Les ONG se sont remarquablement mobilisées pour que la France s’engage dans cette voie et qu’elle aille plus loin que la directive européenne qui prévoit déjà l’obligation de reporting extra-financier. Je les en remercie. Nous venons de parler à l’instant d’une pétition qui circule. Or nous voulons aller au-delà. Nous partageons donc cet objectif, à savoir aller au-delà, et donc élaborer et voter demain, dans quelques semaines, probablement le 30 mars prochain dans cet hémicycle, ce qui a été clairement annoncé par monsieur le secrétaire d’État tout à l’heure, une proposition de loi qui soit juridiquement solide et qui puisse témoigner de notre volonté d’aller vite dans ce sens.

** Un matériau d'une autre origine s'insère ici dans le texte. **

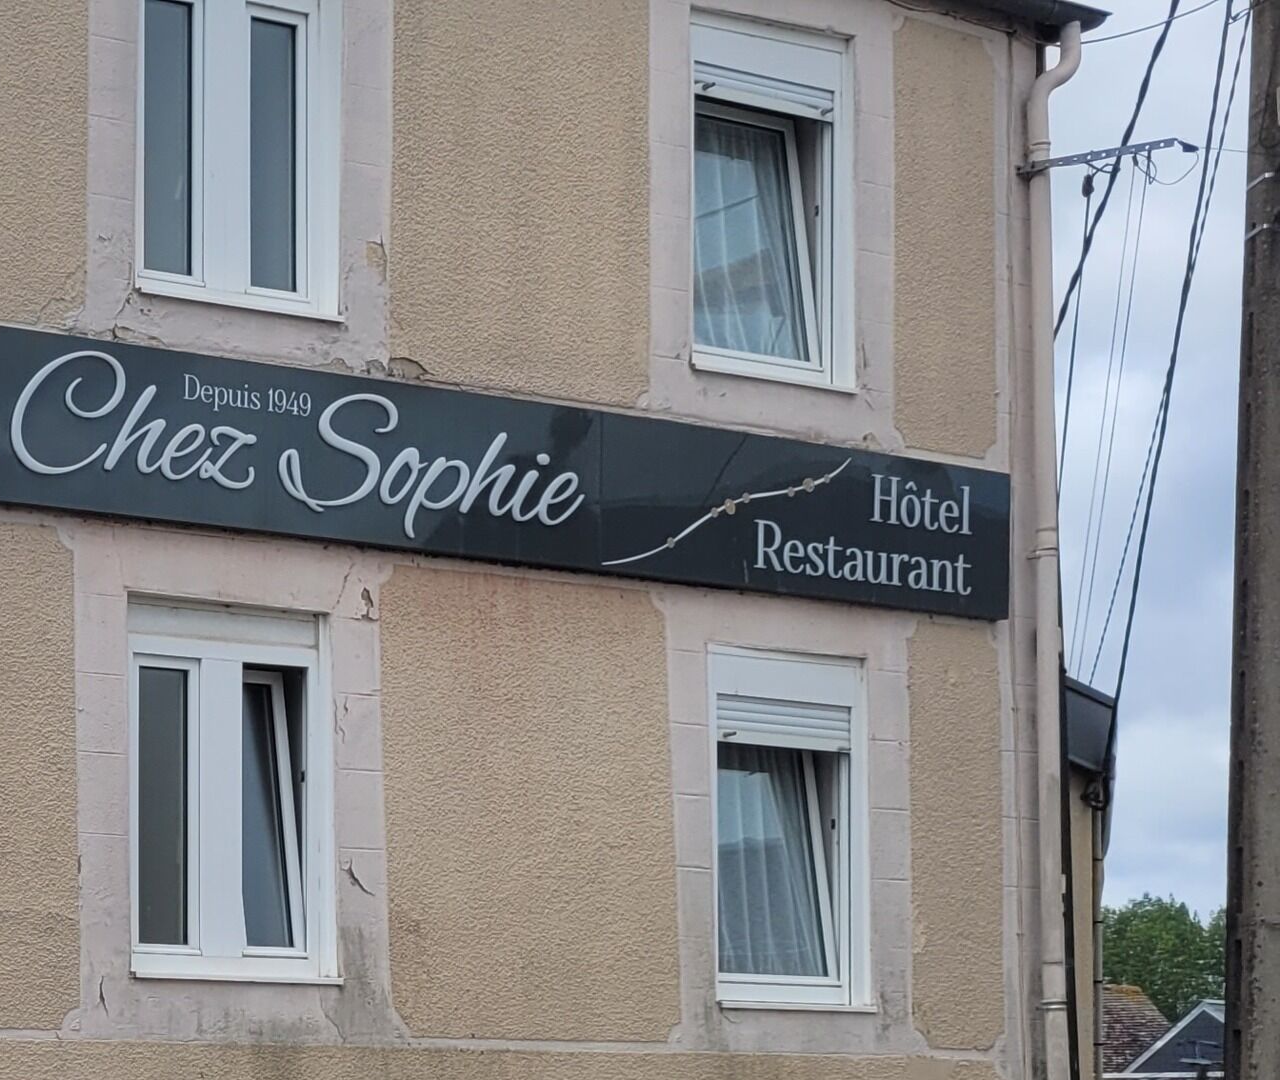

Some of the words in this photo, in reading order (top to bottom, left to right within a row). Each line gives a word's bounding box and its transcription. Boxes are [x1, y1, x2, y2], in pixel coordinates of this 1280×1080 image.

[183, 373, 261, 411] Depuis
[267, 387, 312, 417] 1949
[10, 350, 256, 490] Chez
[278, 393, 585, 539] Sophie
[870, 474, 972, 535] Hôtel
[753, 519, 972, 595] Restaurant

Il nous faut donc travailler solidement, ce qui motive la motion de renvoi en commission que je vous propose aujourd’hui. Il ne s’agit pas de faire ainsi une loi d’apparence, factice, une loi d’illusion, mais une vraie loi, bien solide, qui protège les salariés sur toute la chaîne, dans le monde entier, en mettant en place, au bon niveau, la responsabilité effective.

Nous voulons faire une loi authentique qui permette non seulement de condamner les fautes commises et d’indemniser les dégâts et les victimes, ce qui relève du droit pénal, mais également de les éviter. Si tout n’a pas été fait pour les éviter, il faut condamner.

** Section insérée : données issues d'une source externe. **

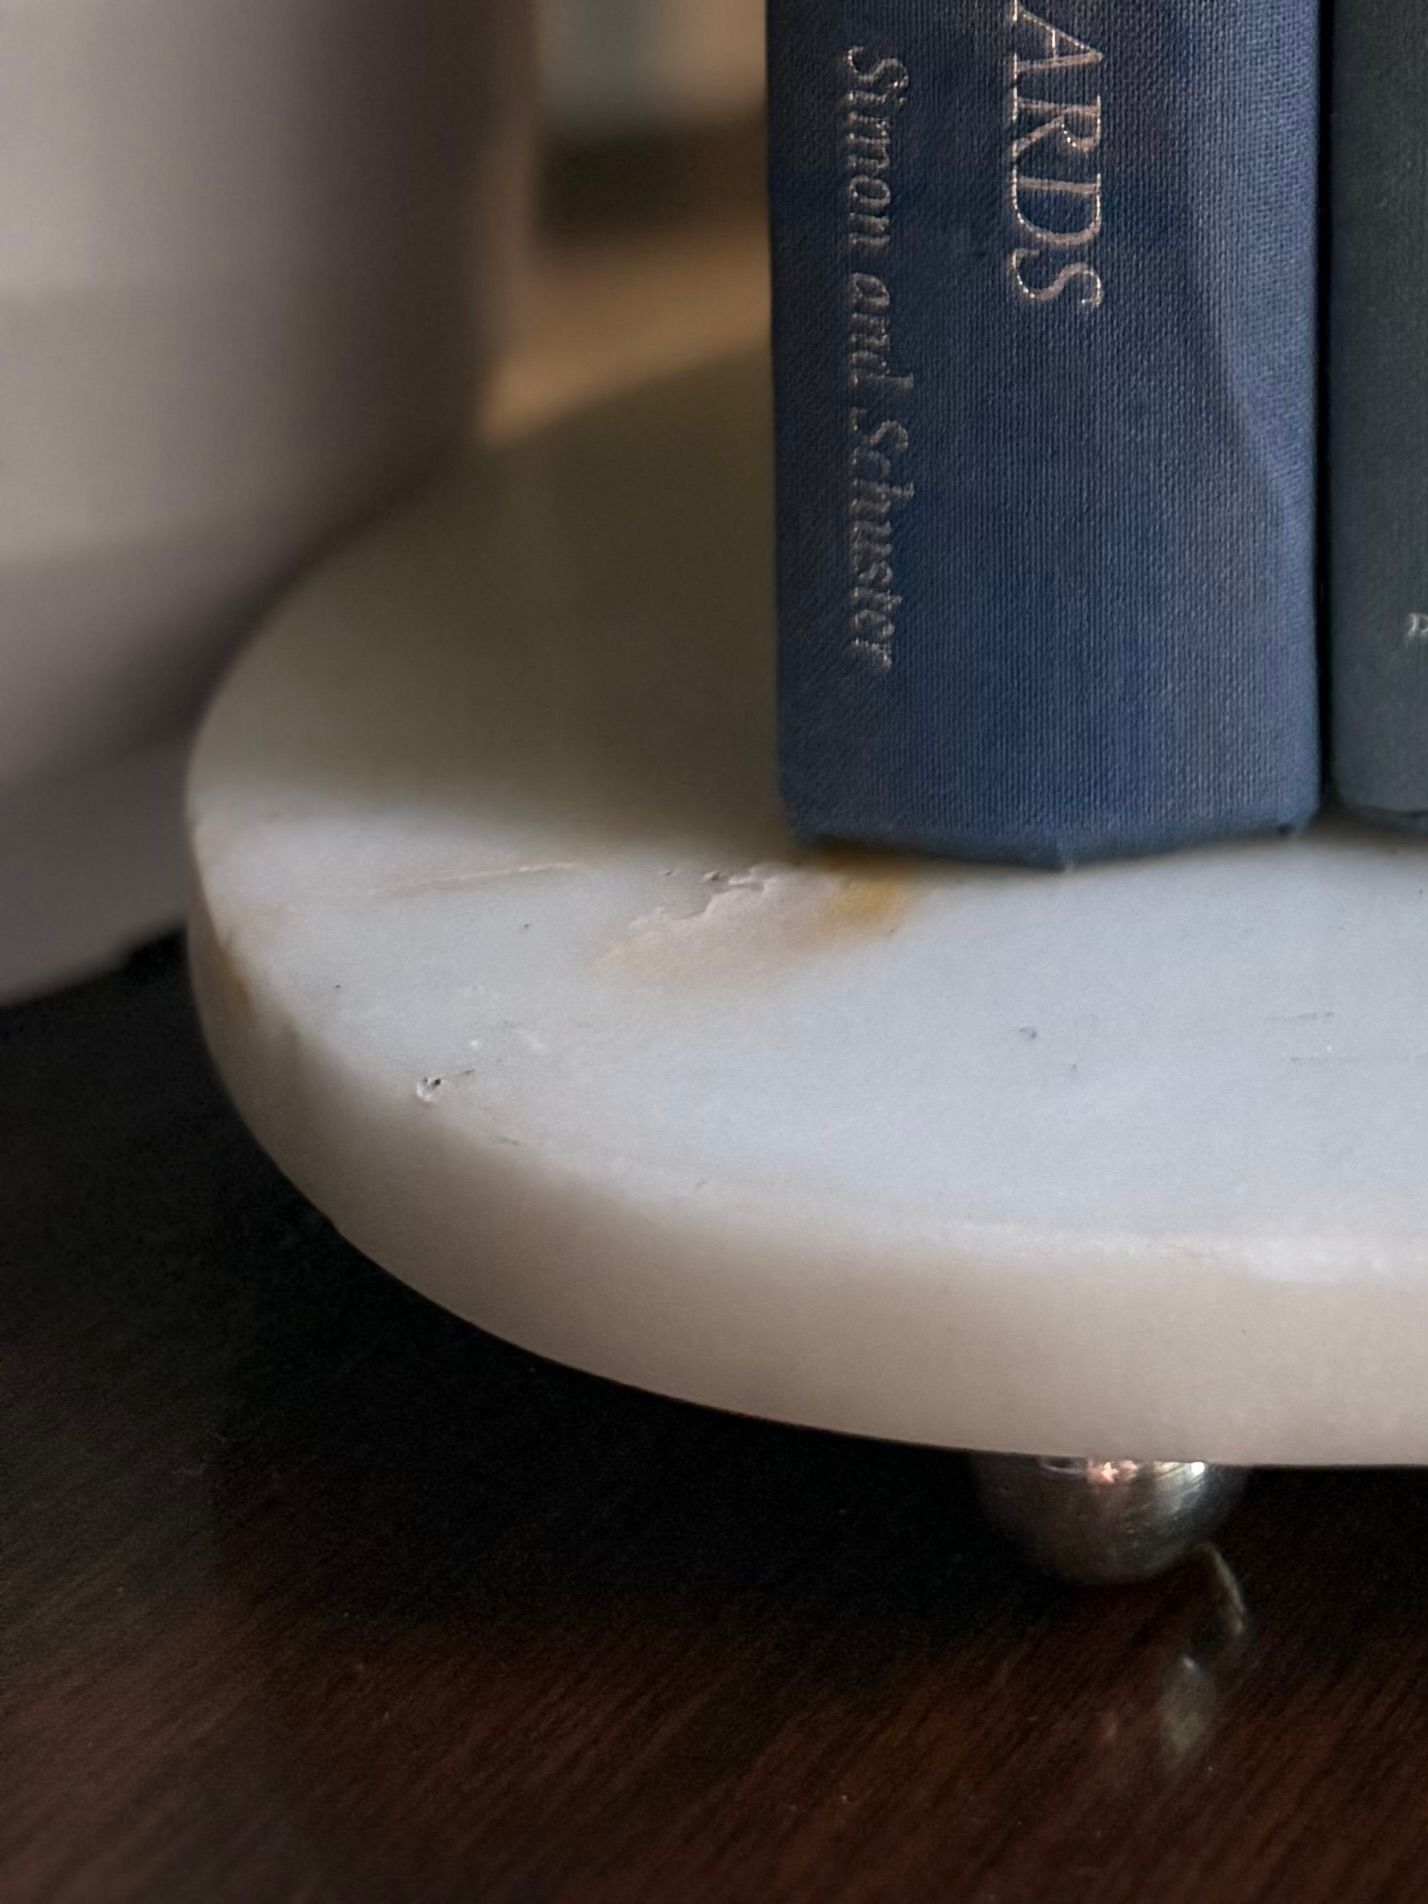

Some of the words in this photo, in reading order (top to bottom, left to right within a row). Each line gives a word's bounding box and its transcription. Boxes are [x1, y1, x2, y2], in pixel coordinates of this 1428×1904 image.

[846, 44, 910, 257] Simon
[846, 270, 914, 394] and
[846, 405, 915, 675] Schuster

Ce devoir de prévention est une invention du droit que nous sommes en train de conduire. Il faut donc le faire juridiquement de façon solide, et avec toutes les garanties pour que cette loi puisse aller jusqu’au bout du processus et ne se retrouve pas bloquée, à un moment ou à un autre, par ce qui peut se passer au-dessus de nous, par exemple par le Conseil constitutionnel.

Nous allons le faire, et nous le porterons ensuite ensemble au niveau européen. Je vous propose donc aujourd’hui d’adopter cette motion de renvoi en commission.